There are some pretty typical lead levels found in blood, such as ten micrograms per deciliter in adults and five or below in children by comparison. However, pre-industrial civilizations were found to average around point zero one six micrograms per deciliter. There are no good lead levels in the blood, and we want to make sure that we are mitigating that as much as possible.

Safety Measures

It’s very important to mitigate your lead exposure. If you feel that you are regularly exposed to lead at high concentrations, you should be tested regularly. When it comes to mitigating lead exposure, there are some very simple but proactive measures that you should be taking when firing a gun. The first thing that I would like to recommend is wearing shooting gloves. The very first point of contact that creates lead exposure is usually going to be your hands. If you can help prevent your hands from getting dirty in the first place, all the better. The largest vector for lead exposure is going to be through your face. Either from ingesting and breathing lead particulates and vapor. For that reason, you may want to consider wearing a respirator when you shoot.

Another thing to keep in mind is your ammunition type. Shooting fully jacketed ammunition greatly reduces the amount of exposure from the round itself. Aside from the gear, there are some very good habits to practice when shooting and handling firearms. The largest thing, as I said before, is your face. You want to make sure that you’re not getting stuff on your face, you’re not absorbing it through your skin, you’re not breathing it, you’re not eating it, you’re not putting it on your hair for it to get on something else later. Therefore you want to make sure that you’re not eating or drinking at the range with your bare hands. If you are eating, you need to use some sort of wrapper as a barrier to whatever you are consuming and that you are not touching on the surfaces that come in contact with your mouth.

Getting the Lead Off

How do you get the lead off? Well, you can get Lead Off Wipes. This is a wipe that helps bond to lead particulates and removes whatever lead particulates are on that surface that it comes in contact with. There’s also D-lead wipes. There’s also D-lead hand soap that you can wash your hands with. This is great for wiping off your face after shooting, wiping off your hands, your arms, etc. It’s also great to wipe off the surface of your guns so that when you’re handling your guns and training at home doing dry fire practice, you have a little bit less exposure.

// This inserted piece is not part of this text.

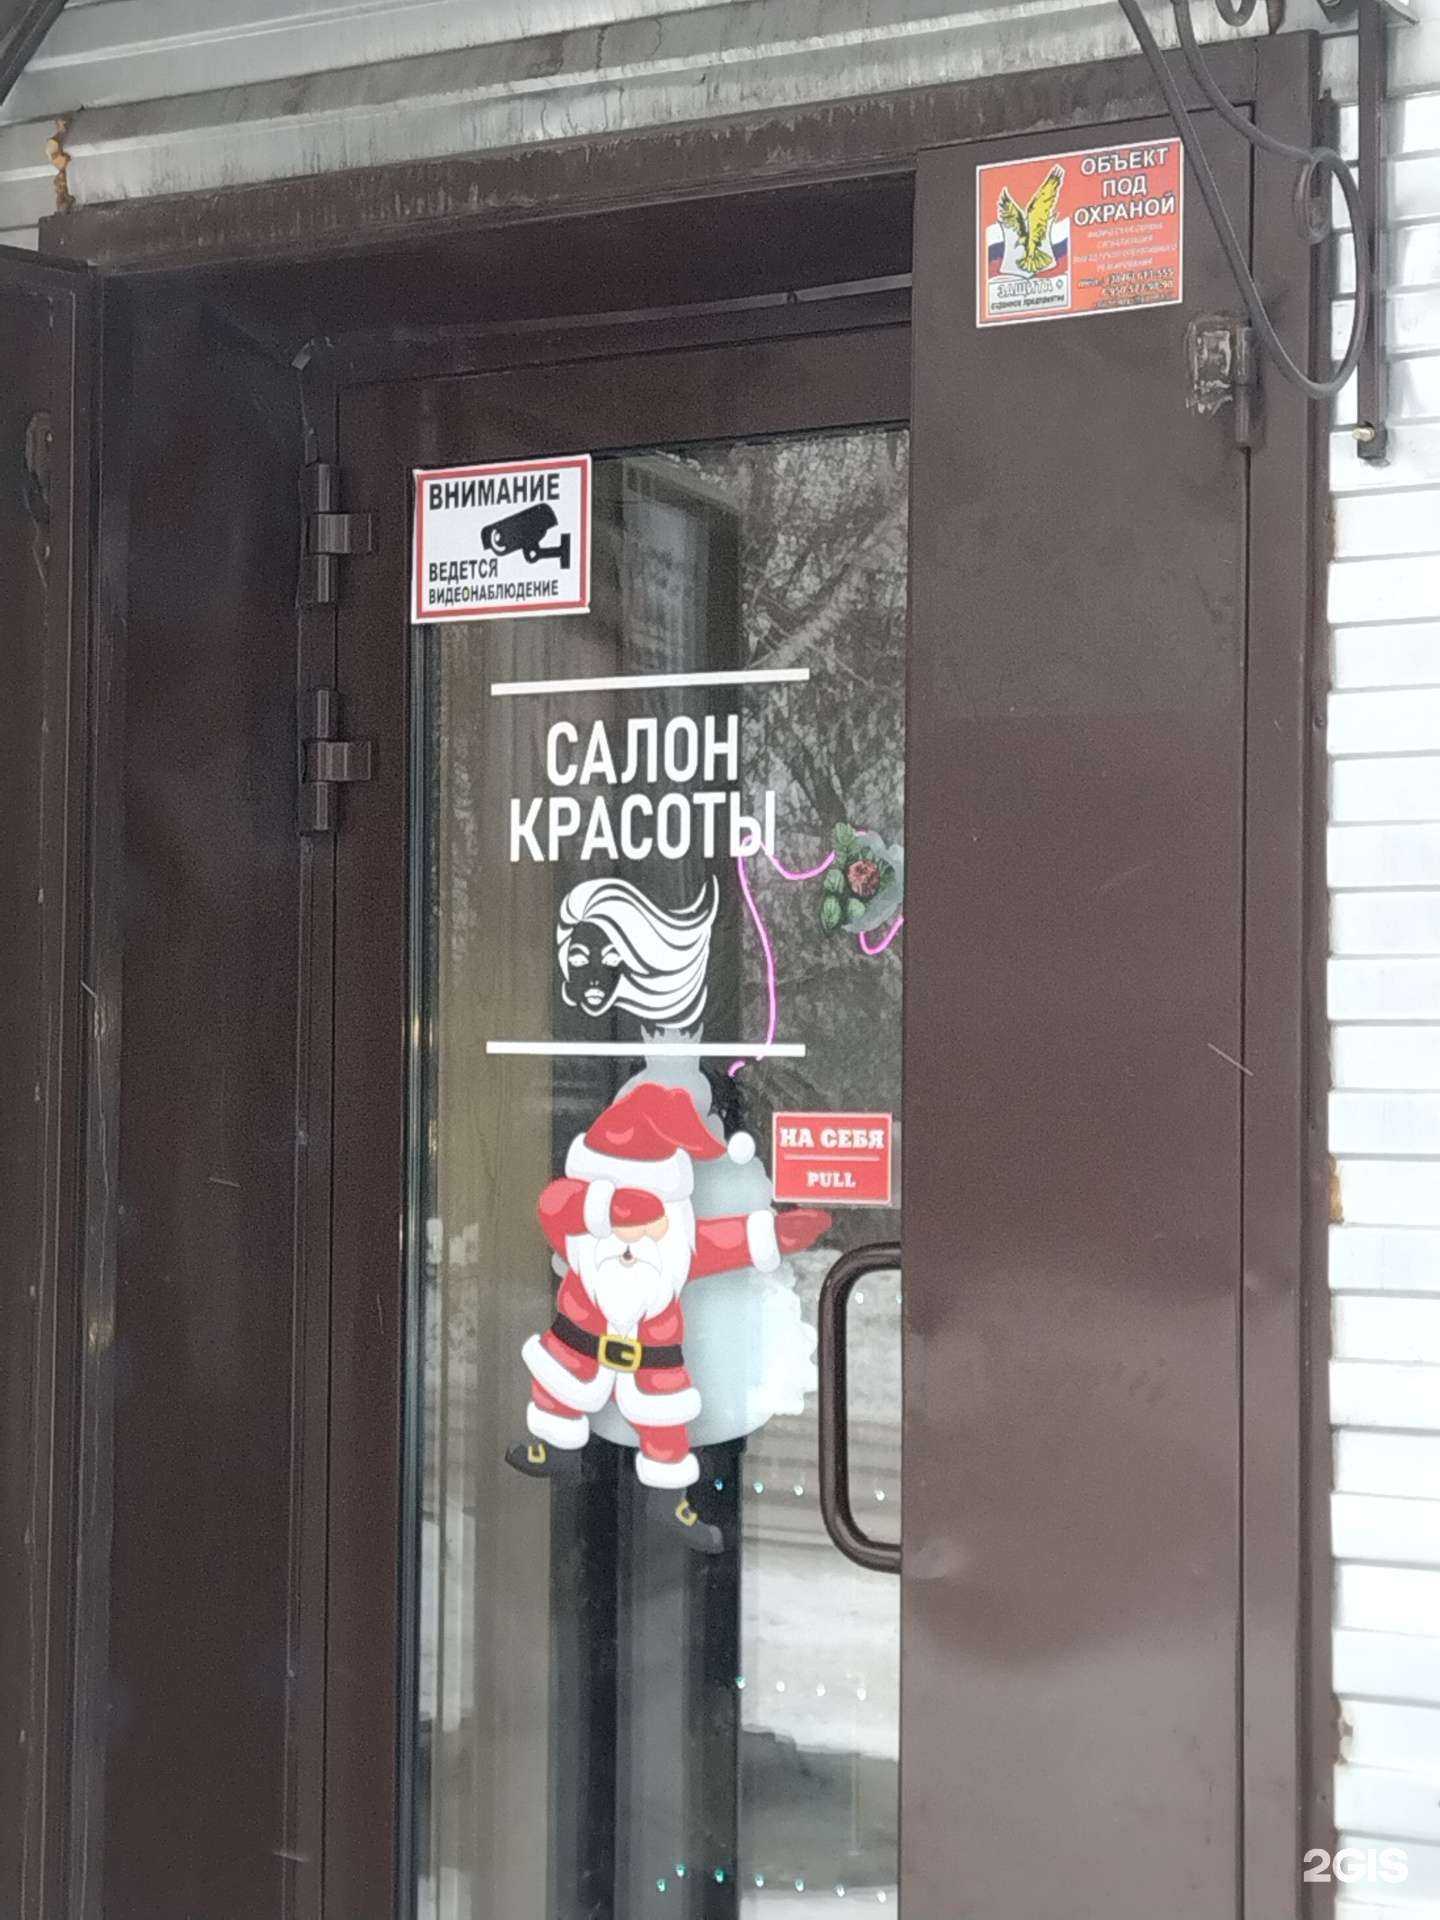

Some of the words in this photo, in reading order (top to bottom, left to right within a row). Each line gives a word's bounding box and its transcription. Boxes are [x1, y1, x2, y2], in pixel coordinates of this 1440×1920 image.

When I get home from a day at the range, I like to keep everything very well contained and not in contact with the rest of the stuff I interact with daily. That means taking my shoes off at the outside of the door, not tracking it inside, and getting stuff everywhere. I put those shoes in a plastic bag. I then store that away, and that way, they’re all nicely contained. I do clean off those surfaces so that no one else touches that and then spreads lead all over the place. You want to make sure that you’re treating the stuff like anthrax.

Basically, you want everything that comes in contact with any lead and surface to be thoroughly cleaned and that you are mitigating that exposure as much as possible. I really want to stress that kids and pets are very susceptible to lead exposure. So that being said, you want to make sure that they’re not coming up to you when you get home and giving you a big old hug. You want to make sure they’re staying away from you until you’re thoroughly decontaminated.

If it helps, I would probably bring a change of clothing to the range to change into. So when you come home, you are a little bit cleaner at least. Also, with pets, keep in mind that they do like their paws. So again, if you’re getting anything on the surface of your floor, be sure it’s cleaned afterward.


Owning firearms is a huge responsibility. You need to take ownership of every effect that ensues and follows your usage of a firearm. That means not only owning where the bullet lands but also all the effects that come after. That includes long-term effects like lead exposure. Please make sure that you are mitigating that and that you are keeping yourself safe and everyone you care about and love.